Taking away the clips of the nominees and instead having the audience focus on their faces made the show feel more like an investor’s meeting than this big celebration of film. How can you celebrate the films if you don’t show the films you are celebrating?

You would think the problems would stop there but they don’t. The show had everything it needed to be good but whoever was running it made some baffling decisions that hurt.

Every year they do an In Memoriam to remember everyone that we lost in the past year. It is usually a touching tribute with a beautiful performance behind it.

However, just like most things this year, the Academy screwed it up. They picked a fast-paced song and matched the slideshow of those we lost with the tempo of the music. It felt like it was going at 100 miles per hour, you couldn’t even read half the names.

They just sped through the In Memoriam like it was nothing. Some people barely got a second while others got ten. It felt a little disrespectful to those we lost.

The biggest nail in the coffin of the night however came with the Best Actor category. I have no problems with Anthony Hopkins taking home the award. He delivered such an amazing performance in ‘The Father’ that everyone should experience.

The problem with the Best Actor category comes with how they decided to hype it up. For those who don’t know Chadwick Boseman known for playing T’Challa in ‘Black Panther’ died last year from cancer. He was nominated in the Best Actor category for his amazing performance in ‘Ma Rainey’s Black Bottom.’

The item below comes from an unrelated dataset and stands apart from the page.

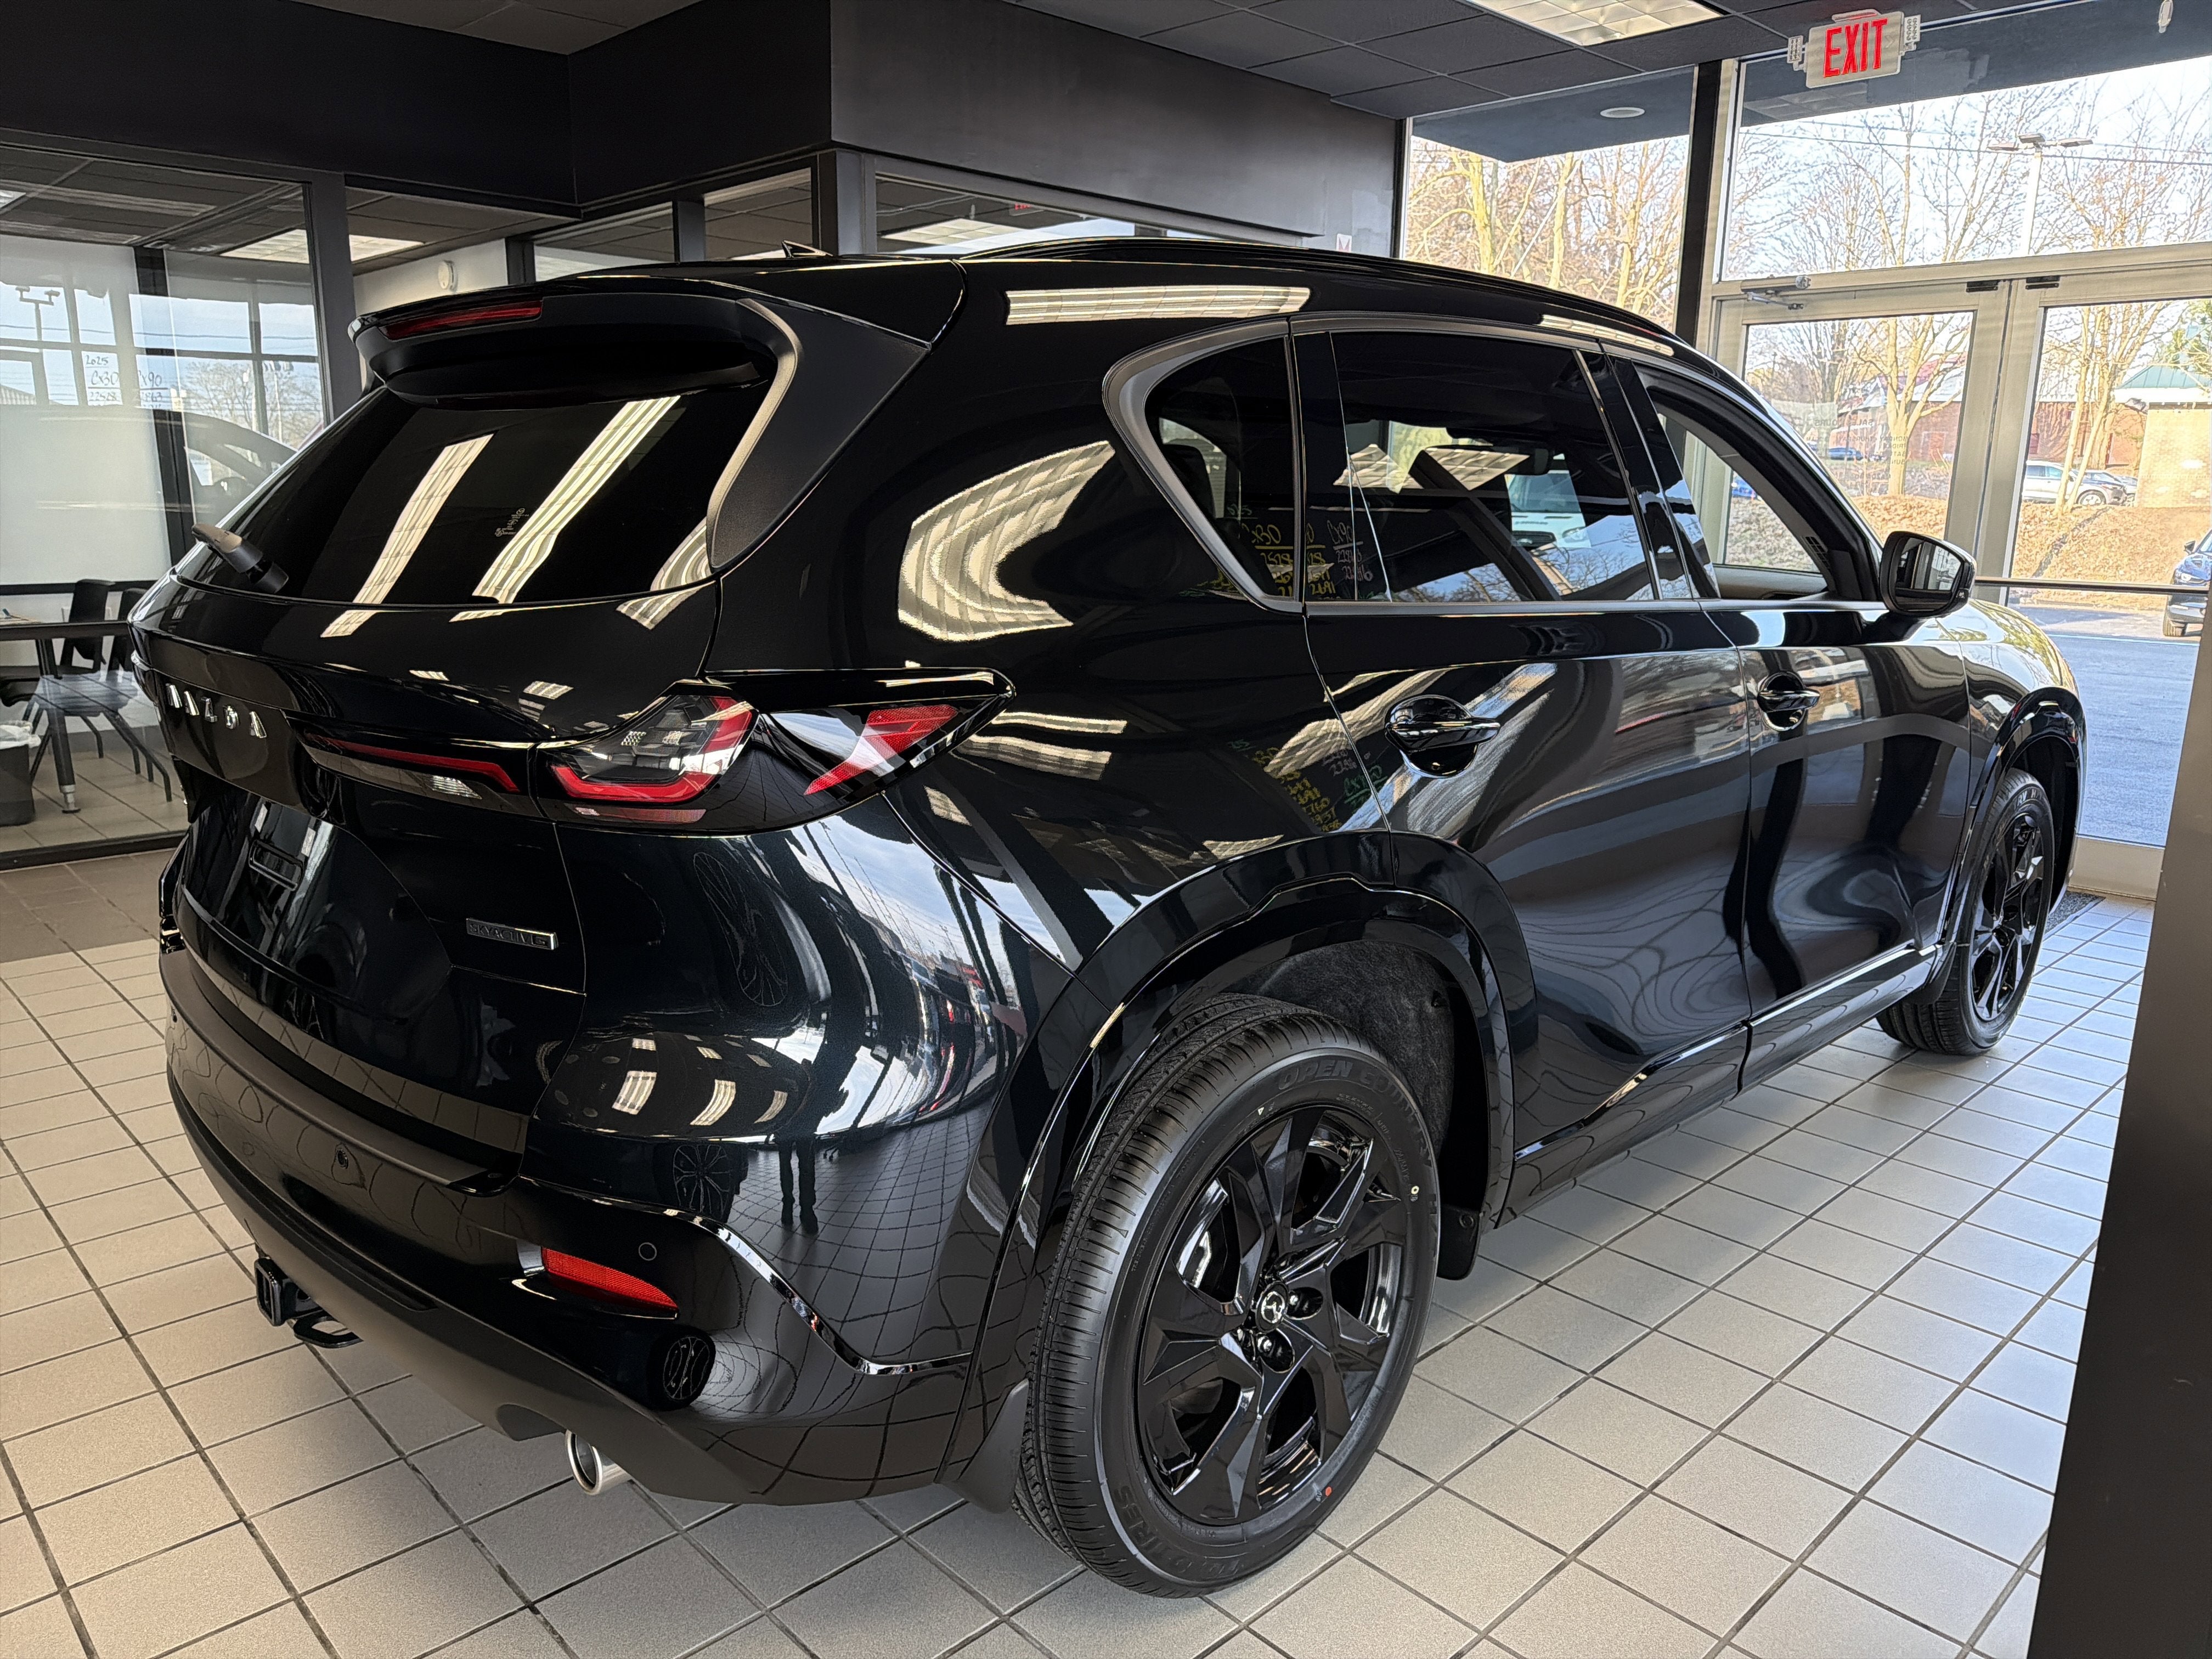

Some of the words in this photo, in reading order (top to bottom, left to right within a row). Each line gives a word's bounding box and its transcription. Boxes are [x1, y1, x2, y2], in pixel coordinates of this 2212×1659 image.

[1823, 17, 1888, 78] EXIT
[86, 354, 109, 365] 2025
[1278, 1059, 1353, 1090] OPEN

Many thought he was going to take home the award since this was the last time the Academy could honor him. Those same people were baffled by the way the show treated that award.

Usually, the Best Picture category, which went to ‘Nomadland,’ is done at the end of the show. It is a huge conclusion with one final big speech and then the show ends. However, this year the academy decided it would be a good idea to do that award third to last and present the best actor last.

Usually, when running a show, you want your biggest category last. Boseman was nominated for Best Actor, the show did Best Actor last. Many would come to the conclusion that means the Oscars were planning some big tribute or sendoff to end the show.

Joaquin Phoenix walked on stage with the envelope, said something about acting, and then read the card. Anthony Hopkins won for ‘The Father,’ but Hopkins wasn’t there so the academy accepted the award on his behalf and it was done. Just like that.

No big speech at the end, no fanfare, just Phoenix saying the academy accepted the award, a thank you, and then it was over.

That had to be the most anticlimactic ending to an Oscars ceremony that we have ever got. Usually, there is a big speech by the best picture winners and some tears, instead, it ended with no speech and a simple thank you.

To add insult to injury the Academy had a Chadwick Boseman NFT, digital artwork, in each of the nominee’s gift bags this year. They had an NFT made and gifted to the nominees plus they put Best Actor at the end of the show? Seems like they were gearing up for a big tribute that never came.

Now it isn’t the Academy Awards’ fault that Chadwick Boseman lost. Only a couple of people know the winners before they are announced and Boseman was favored by many to win. It seems like they may have banked on that fact and it didn’t pan out so now there is significant backlash.

Overall, the 93rd Oscars were a mess. No host, musical performances during the preshow, no film clips, a super-fast In Memoriam, and a tribute that never came.

Award shows are supposed to be these fun nights where we get to celebrate what we love. However, this year’s Oscars felt more like an investors’ meeting with no joy. They had everything they needed to make a good show, but they made baffling decisions that hurt it immensely.

At least Glenn Close’s dance and Yuh-Jung Youn’s great speech added a little bit of fun, but it wasn’t enough.

Hopefully, next year the Oscars can return to what they once were.